Print each record that follows exactly, leaving the pictures behind.
Given records START
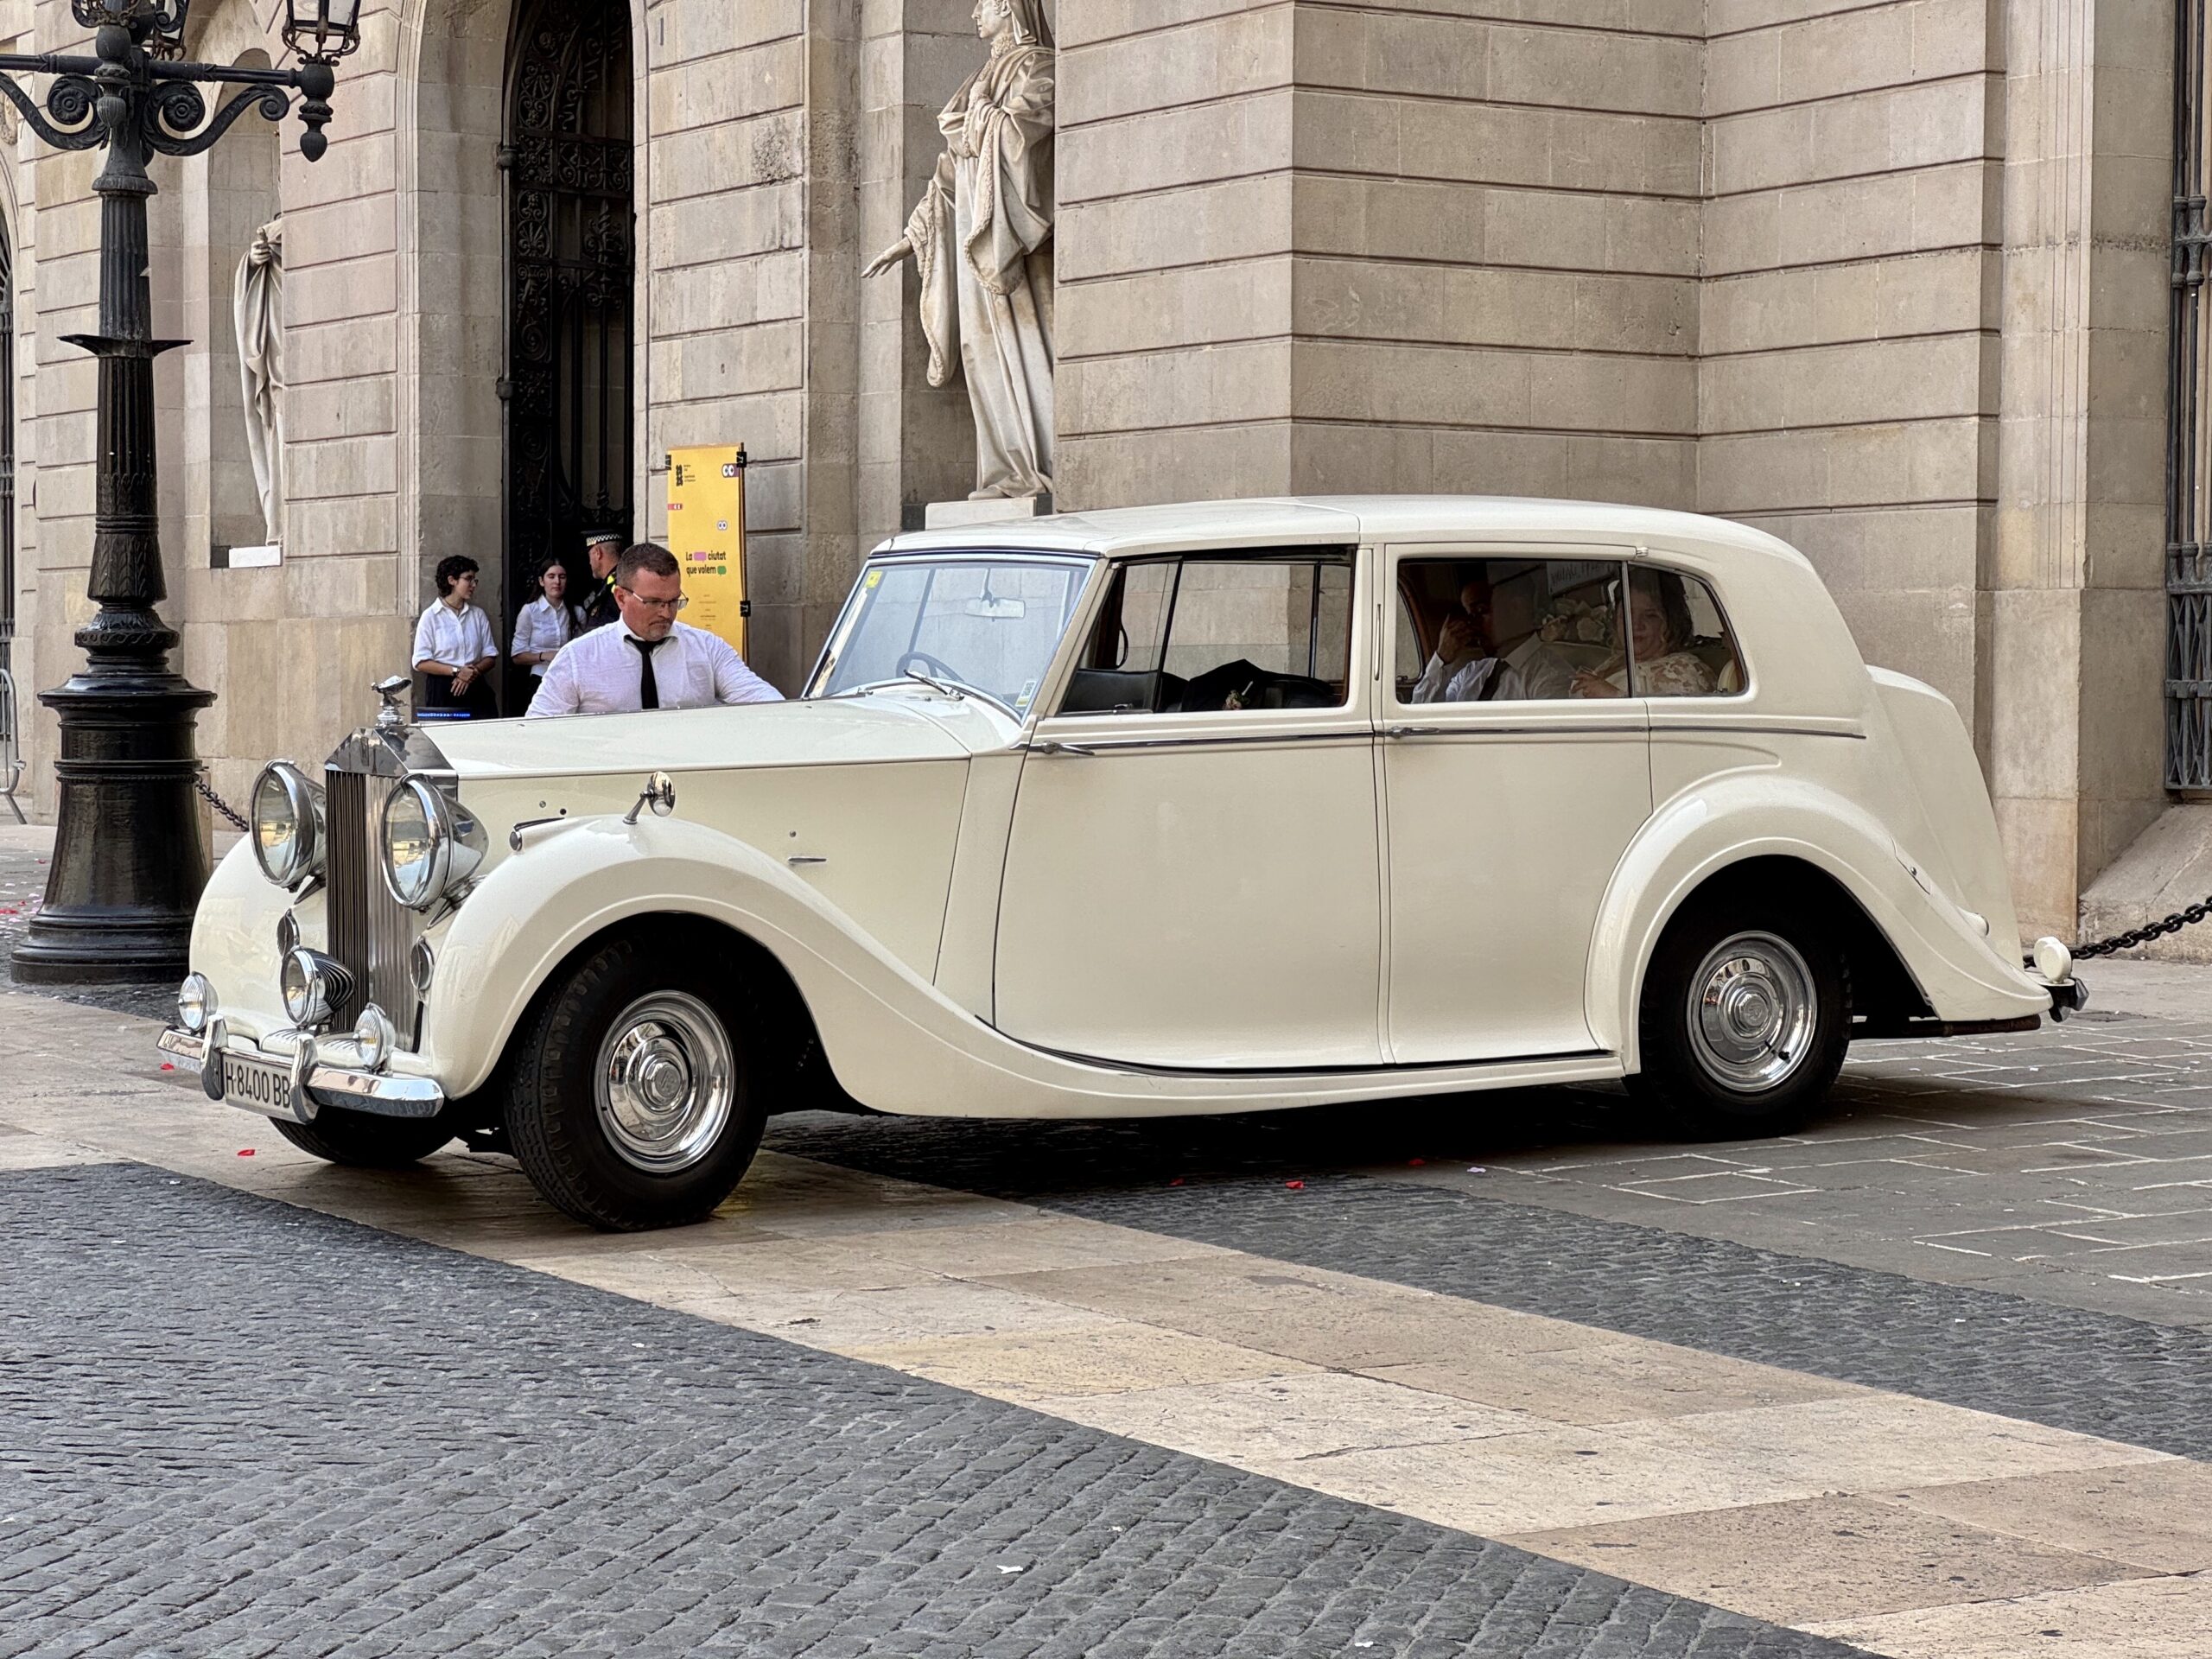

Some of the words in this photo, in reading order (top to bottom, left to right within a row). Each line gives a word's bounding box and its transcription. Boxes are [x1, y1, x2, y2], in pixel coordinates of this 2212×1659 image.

[685, 551, 693, 561] La
[708, 550, 727, 561] ciutat
[686, 566, 697, 577] que
[697, 564, 716, 575] volem
[225, 1062, 235, 1096] H
[237, 1064, 270, 1103] 8400
[273, 1073, 291, 1109] BB
Given records END
**Task solution:**
Some of the words in this photo, in reading order (top to bottom, left to right within a row). Each line gives a word's bounding box and its transcription. Boxes are [x1, y1, x2, y2], in pixel coordinates of this 2212×1659 image.

[685, 551, 693, 561] La
[708, 550, 727, 561] ciutat
[686, 566, 697, 577] que
[697, 564, 716, 575] volem
[225, 1062, 235, 1096] H
[237, 1064, 270, 1103] 8400
[273, 1073, 291, 1109] BB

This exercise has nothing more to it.